_WHAT TO WORK ON:_ Skip all pictures; return exactly the lines from the one containing "this 1250×1496 image." through the end of the data.

Dataset entries
□ □ □ □
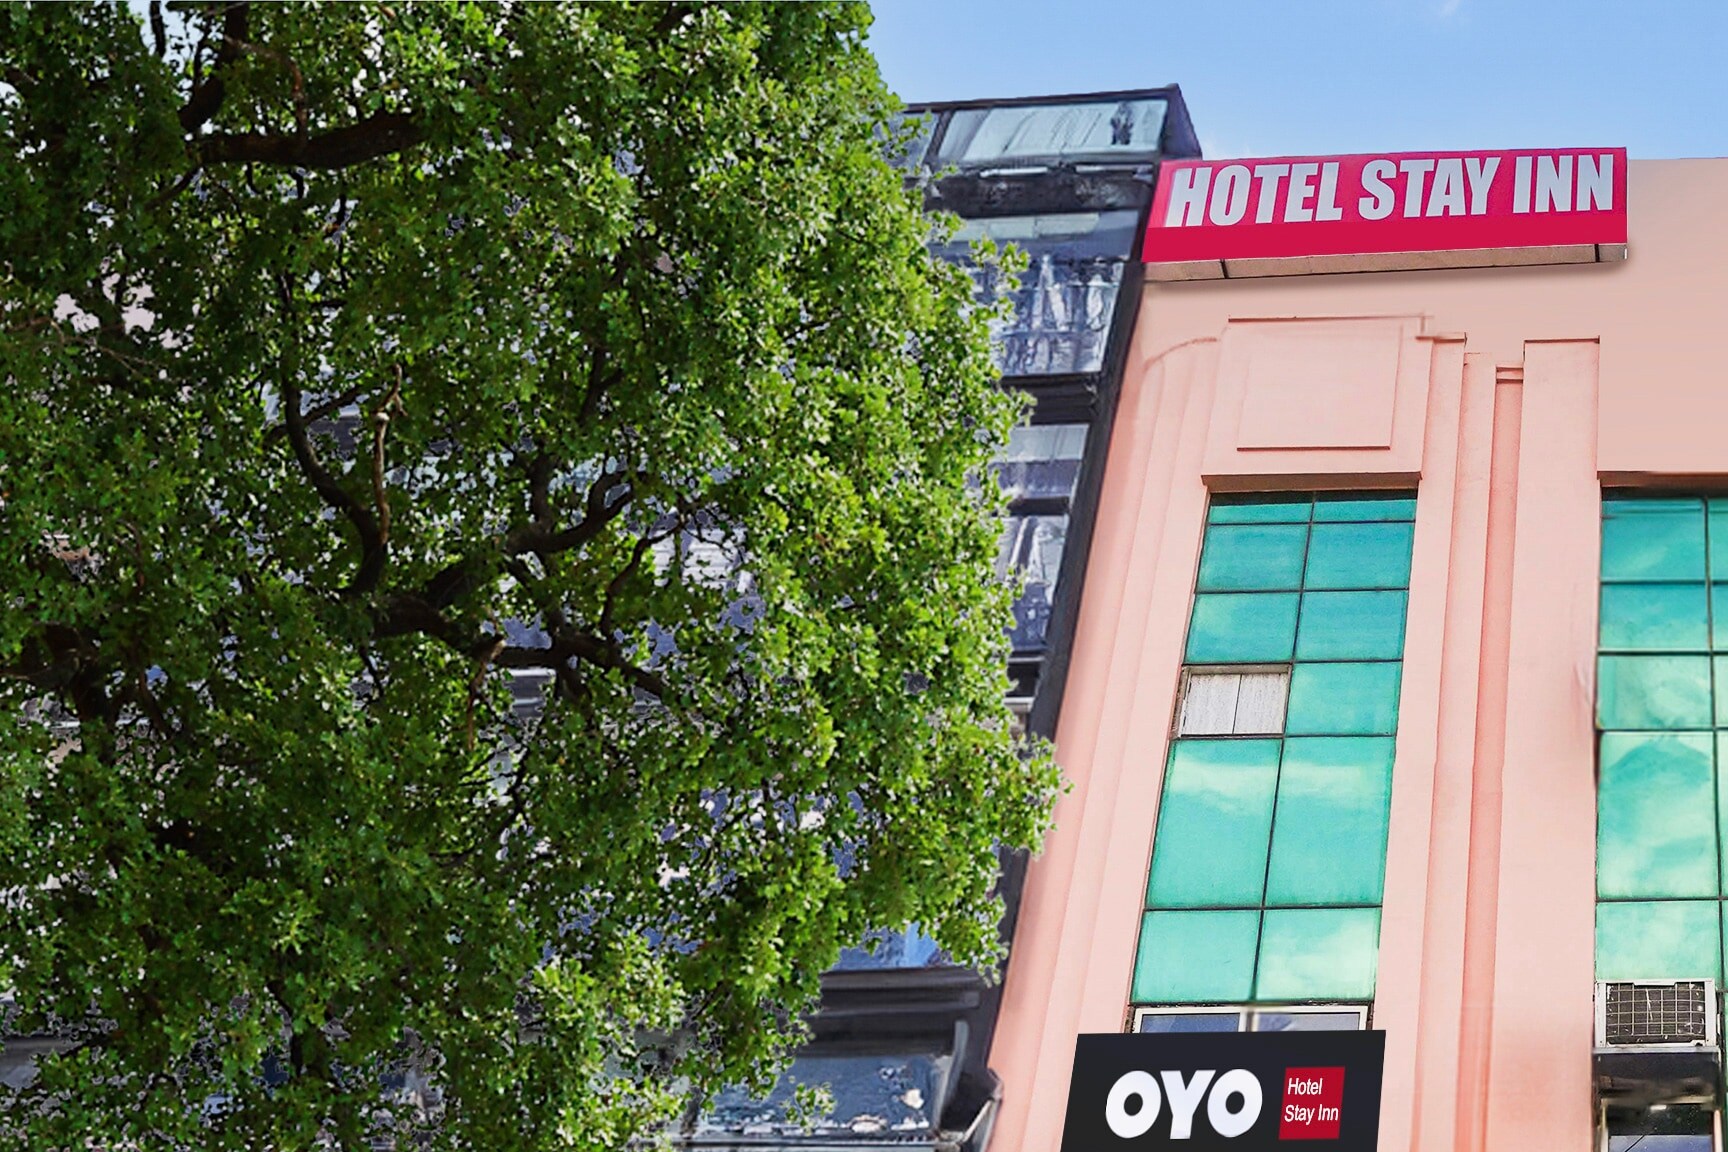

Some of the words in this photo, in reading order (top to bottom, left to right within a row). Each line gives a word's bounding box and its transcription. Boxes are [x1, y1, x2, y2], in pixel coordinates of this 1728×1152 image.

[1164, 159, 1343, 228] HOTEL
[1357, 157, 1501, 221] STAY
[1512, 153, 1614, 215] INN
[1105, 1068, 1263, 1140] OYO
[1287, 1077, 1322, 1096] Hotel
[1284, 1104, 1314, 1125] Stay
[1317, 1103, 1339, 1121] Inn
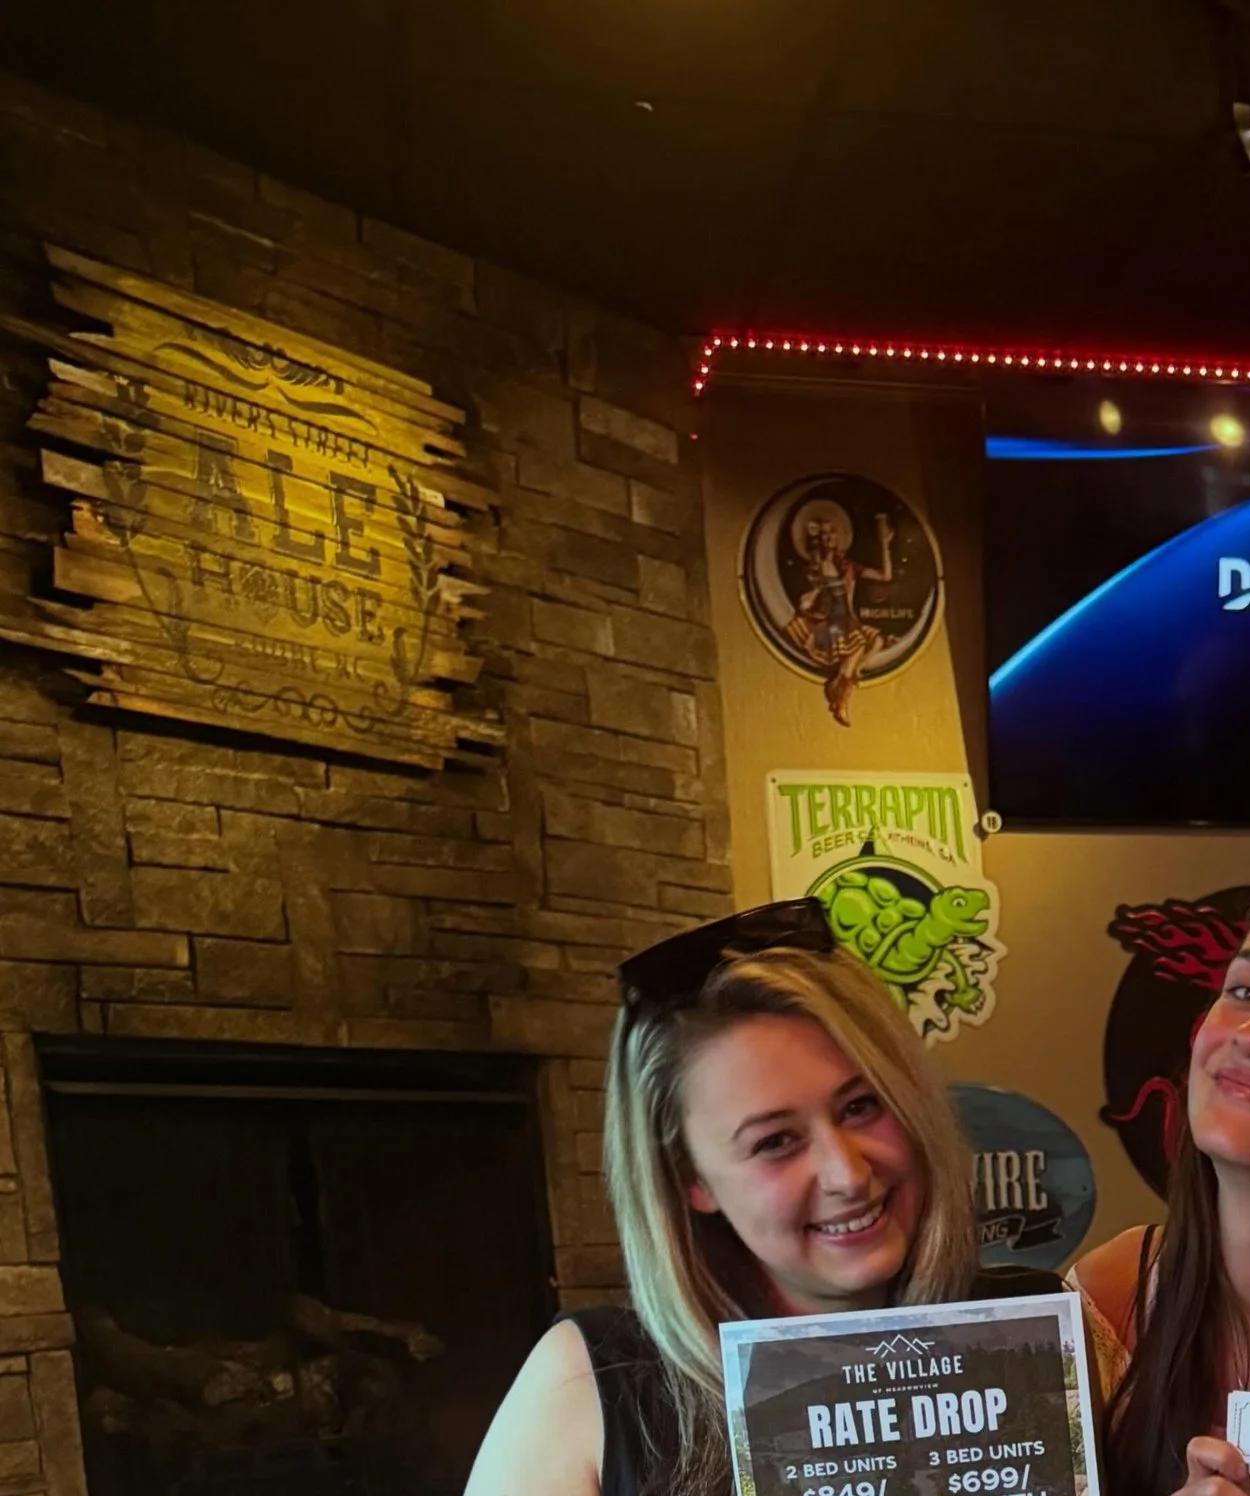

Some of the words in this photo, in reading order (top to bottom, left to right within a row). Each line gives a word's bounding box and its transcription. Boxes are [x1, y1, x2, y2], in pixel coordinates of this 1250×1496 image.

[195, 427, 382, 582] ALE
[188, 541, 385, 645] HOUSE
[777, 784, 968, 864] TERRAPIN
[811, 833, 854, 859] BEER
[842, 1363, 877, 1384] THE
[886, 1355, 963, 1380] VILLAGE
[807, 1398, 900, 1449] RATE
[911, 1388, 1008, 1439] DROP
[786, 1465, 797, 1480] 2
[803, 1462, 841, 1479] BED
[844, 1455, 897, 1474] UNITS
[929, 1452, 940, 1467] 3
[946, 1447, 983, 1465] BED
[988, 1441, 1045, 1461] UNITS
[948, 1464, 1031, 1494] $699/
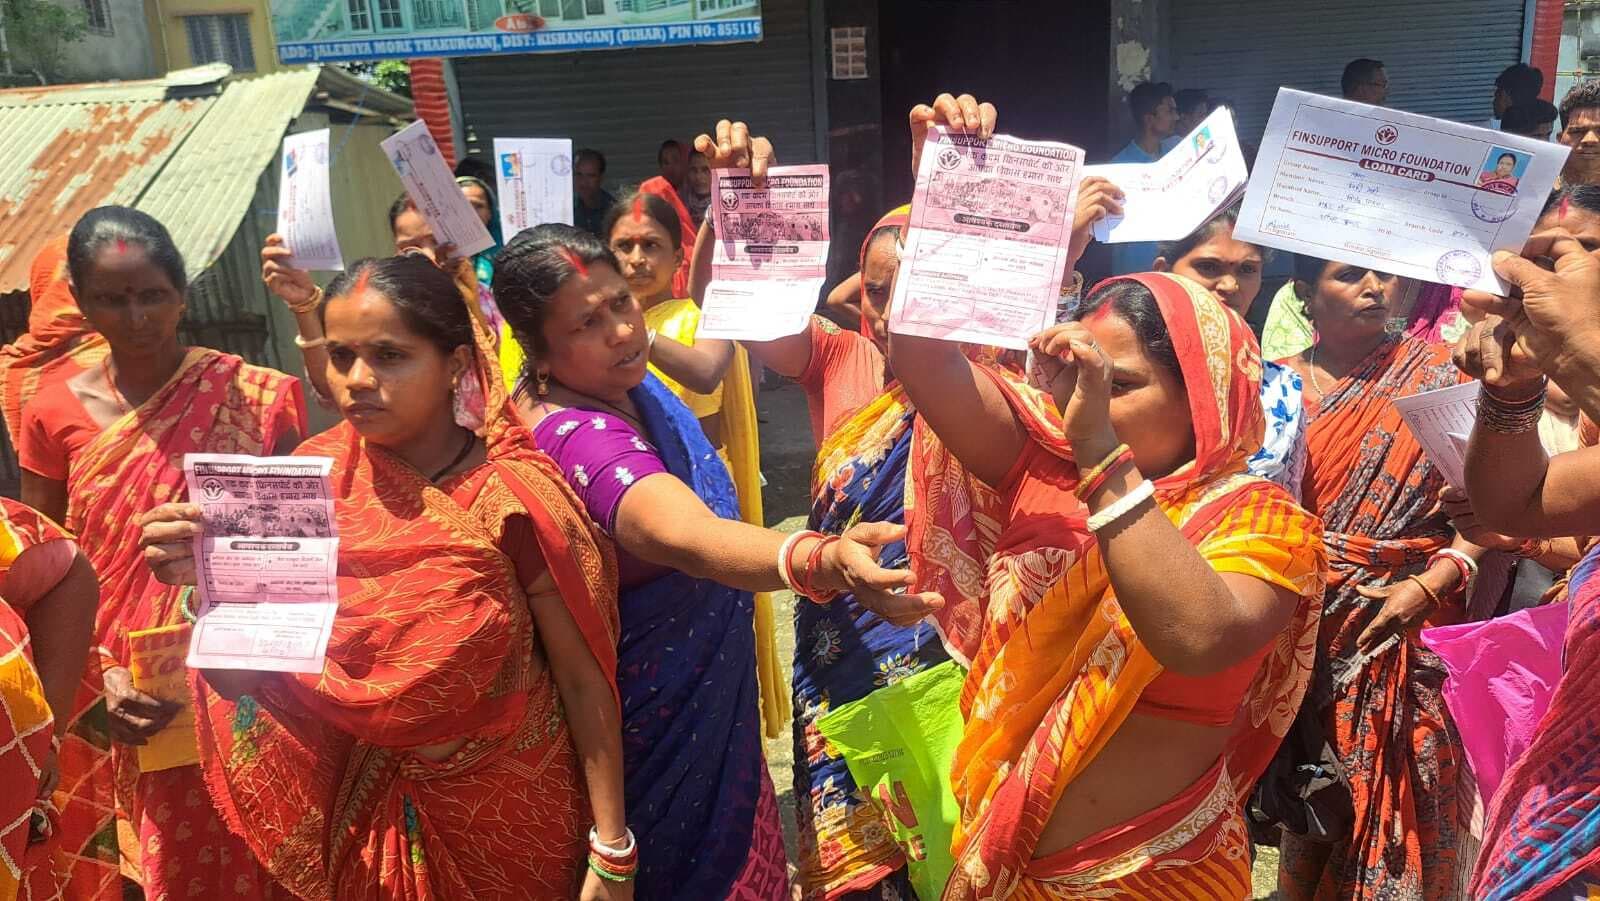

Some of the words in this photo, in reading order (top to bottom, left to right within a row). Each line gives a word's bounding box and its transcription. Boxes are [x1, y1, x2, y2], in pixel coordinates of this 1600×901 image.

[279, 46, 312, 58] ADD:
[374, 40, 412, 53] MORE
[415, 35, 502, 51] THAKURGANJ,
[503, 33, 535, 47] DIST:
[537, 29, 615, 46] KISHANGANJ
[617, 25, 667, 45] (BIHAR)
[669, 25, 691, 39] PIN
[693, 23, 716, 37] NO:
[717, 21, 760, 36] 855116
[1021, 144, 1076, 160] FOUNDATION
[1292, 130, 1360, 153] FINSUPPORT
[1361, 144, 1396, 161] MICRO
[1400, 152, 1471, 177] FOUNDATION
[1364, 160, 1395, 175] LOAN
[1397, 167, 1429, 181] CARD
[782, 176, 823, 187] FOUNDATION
□ □ □ □
_PROBLEM SOLUTION:_
Some of the words in this photo, in reading order (top to bottom, left to right within a row). Each line gives a word's bounding box and its transcription. Boxes are [x1, y1, x2, y2], in pixel coordinates of this 1250×1496 image.

[195, 427, 382, 582] ALE
[188, 541, 385, 645] HOUSE
[777, 784, 968, 864] TERRAPIN
[811, 833, 854, 859] BEER
[842, 1363, 877, 1384] THE
[886, 1355, 963, 1380] VILLAGE
[807, 1398, 900, 1449] RATE
[911, 1388, 1008, 1439] DROP
[786, 1465, 797, 1480] 2
[803, 1462, 841, 1479] BED
[844, 1455, 897, 1474] UNITS
[929, 1452, 940, 1467] 3
[946, 1447, 983, 1465] BED
[988, 1441, 1045, 1461] UNITS
[948, 1464, 1031, 1494] $699/

Some of the words in this photo, in reading order (top to bottom, left to right within a row). Each line gives a word's bounding box and its transcription. Boxes are [x1, y1, x2, y2], in pixel coordinates of this 1600×901 image.

[279, 46, 312, 58] ADD:
[374, 40, 412, 53] MORE
[415, 35, 502, 51] THAKURGANJ,
[503, 33, 535, 47] DIST:
[537, 29, 615, 46] KISHANGANJ
[617, 25, 667, 45] (BIHAR)
[669, 25, 691, 39] PIN
[693, 23, 716, 37] NO:
[717, 21, 760, 36] 855116
[1021, 144, 1076, 160] FOUNDATION
[1292, 130, 1360, 153] FINSUPPORT
[1361, 144, 1396, 161] MICRO
[1400, 152, 1471, 177] FOUNDATION
[1364, 160, 1395, 175] LOAN
[1397, 167, 1429, 181] CARD
[782, 176, 823, 187] FOUNDATION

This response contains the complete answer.